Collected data
Content starts

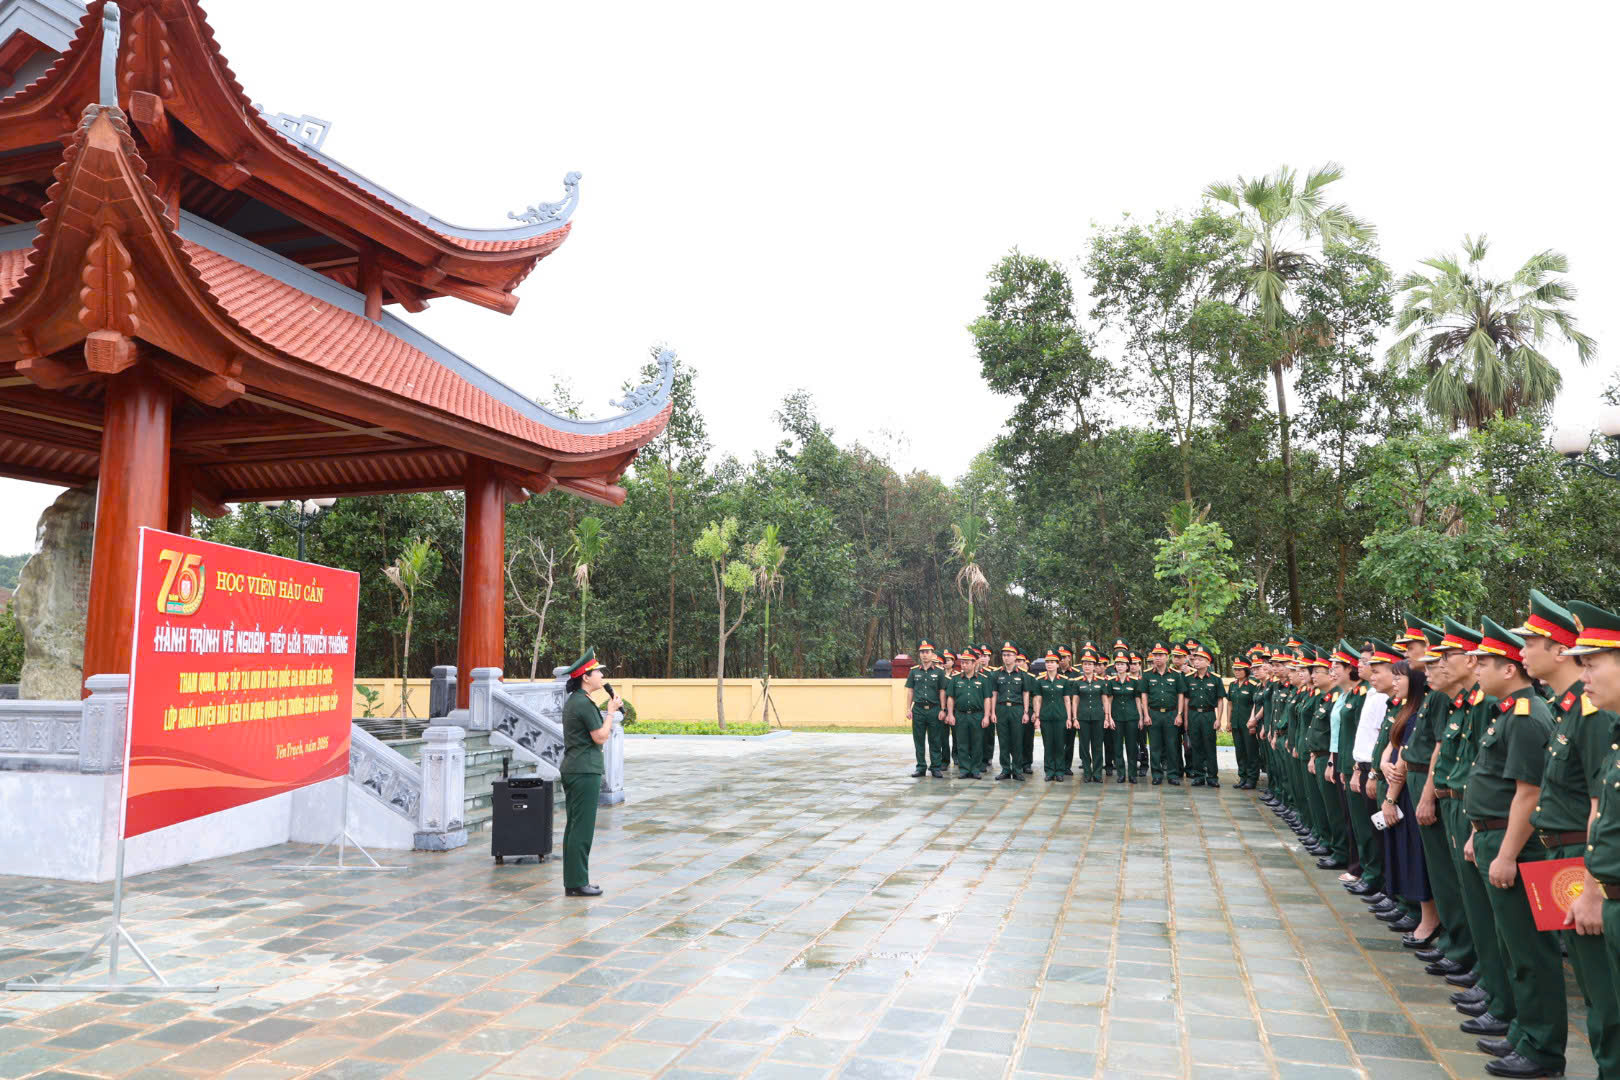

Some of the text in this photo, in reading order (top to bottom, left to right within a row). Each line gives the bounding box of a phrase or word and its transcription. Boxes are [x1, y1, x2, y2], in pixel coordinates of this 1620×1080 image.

[216, 571, 324, 604] HỌC VIỆN HẬU CẦN
[153, 620, 188, 652] HÀNH
[190, 623, 220, 655] TRÌNH
[222, 620, 235, 653] VỀ
[236, 622, 266, 653] NGUỒN
[269, 625, 287, 653] TIẾP
[287, 627, 301, 653] LỬA
[303, 628, 327, 656] TRUYỀN
[328, 629, 348, 654] THỐNG
[179, 672, 198, 693] THAM
[217, 671, 229, 695] HỌC
[230, 667, 241, 695] TẬP
[267, 666, 279, 688] TÍCH
[279, 664, 291, 689] QUỐC
[163, 705, 178, 731] LỚP
[178, 700, 197, 729] HUẤN
[197, 701, 216, 730] LUYỆN
[217, 698, 228, 724] ĐẦU
[229, 699, 242, 723] TIÊN

Content ends

▶ [TASK]
An exact copy of the records is required. Pictures do not belong in it.

▶ [RESULT]
Some of the text in this photo, in reading order (top to bottom, left to right within a row). Each line gives the bounding box of a phrase or word and its transcription. Boxes are [x1, y1, x2, y2], in pixel coordinates of this 1620×1080 image.

[216, 571, 324, 604] HỌC VIỆN HẬU CẦN
[153, 620, 188, 652] HÀNH
[190, 623, 220, 655] TRÌNH
[222, 620, 235, 653] VỀ
[236, 622, 266, 653] NGUỒN
[269, 625, 287, 653] TIẾP
[287, 627, 301, 653] LỬA
[303, 628, 327, 656] TRUYỀN
[328, 629, 348, 654] THỐNG
[179, 672, 198, 693] THAM
[217, 671, 229, 695] HỌC
[230, 667, 241, 695] TẬP
[267, 666, 279, 688] TÍCH
[279, 664, 291, 689] QUỐC
[163, 705, 178, 731] LỚP
[178, 700, 197, 729] HUẤN
[197, 701, 216, 730] LUYỆN
[217, 698, 228, 724] ĐẦU
[229, 699, 242, 723] TIÊN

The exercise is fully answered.